He has told the SACP’s Special National Congress that the party must not hand the ANC a blank cheque ahead of the 2021 local government elections.

Nzimande has also cautioned against the fight against state capture and corruption becoming a pretext for government pushing forward with privatisation.

The party is meeting for a mid-term review of its policies following its July 2017 14th Congress.

In presenting his Political Report, Nzimande told the nearly 800 delegates attending the party’s Special National Congress, that while the SACP in principle should continue to provide electoral support for the ANC, they must hold the ruling party accountable for its conduct with regards to how a re-configured alliance should work.

Nzimande outlined the key challenges facing the country’s working class and the party’s efforts to advance a socialist agenda. Amongst these, he said was the push for privatisation of the country’s state-owned assets.

Nzimande cautioned that the effort by President Cyril Ramaphosa’s government to cleanse the country of corruption may be used by some to re-establish a neo-liberal agenda for the country as was witnessed in the 1996 Growth, Employment and Redistribution strategy.

He says this policy framework is at the heart of many of the problems plaguing the country today.

“Even in the early 2000s, we were told that Eskom power stations must be maintained, must be renewed and that we must also build extra generation capacity. We did not do that because we wanted to privatise. So, today we are sitting now in the middle of load shedding. It does not come from the top there. It is our own failure that has led to this load shedding. You know, Comrade Jessie, today, you deployed me to be Minister of Higher Education. You know, why there was fees must fall, because we did not invest in infrastructure including student accommodation because of neo-liberal policies.”

Efforts to transform the country’s financial sector, a long-time programme of the SACP, should be intensified according to Nzimande.

He said workers must ensure that they have a say in how their resources are invested.
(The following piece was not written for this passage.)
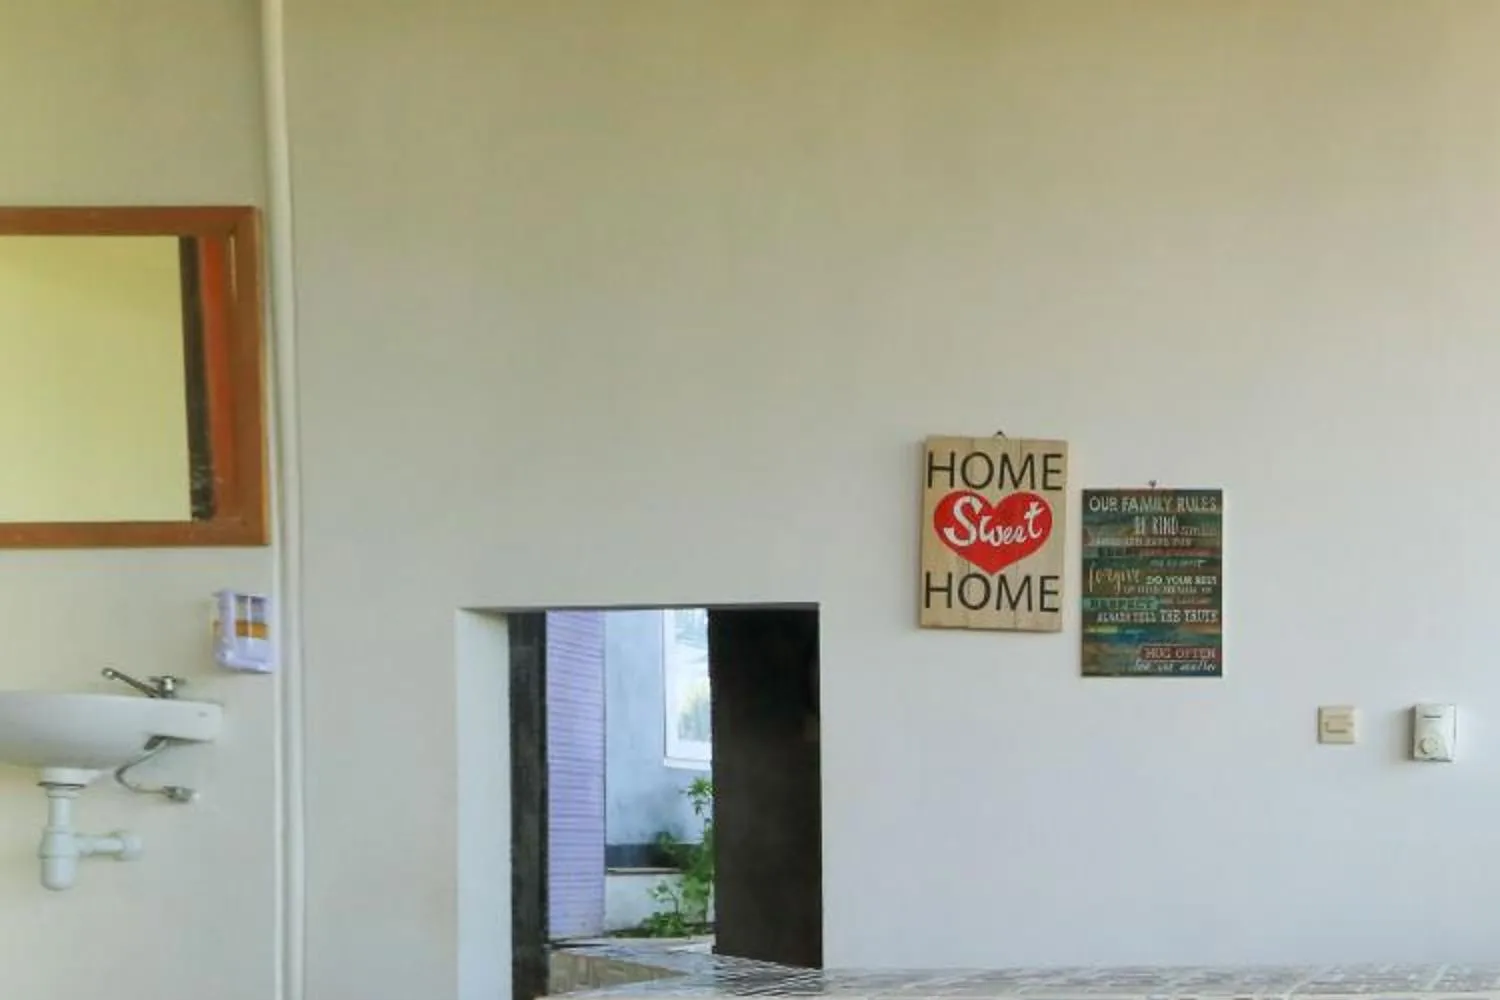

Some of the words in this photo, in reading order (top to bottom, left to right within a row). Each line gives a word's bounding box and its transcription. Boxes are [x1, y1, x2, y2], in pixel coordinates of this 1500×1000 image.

“This is why the PIC has been funding some of the shenanigans, because the working class has just allowed its own resources to be invested without itself making a say on how it must be invested. What is it that is driving the Johannesburg Stock Exchange? It’s your own insurance policies and your pension and provident funds. Look at Old Mutual. Now, there are these little fights, skirmishes. The working class is folding its arms watching and yet, it is your funds that make 12% of Old Mutual.”

Nzimande also said that the Congress should also discuss whether state-owned enterprises should not go back to their policy departments instead of being located within the Department of Public Enterprises.

To advance working-class power, he said that the SACP will engage with Cosatu to convene a meeting of all trade union federations in the country, regardless of political affiliation.

The Special Congress enters its third day on Wednesday.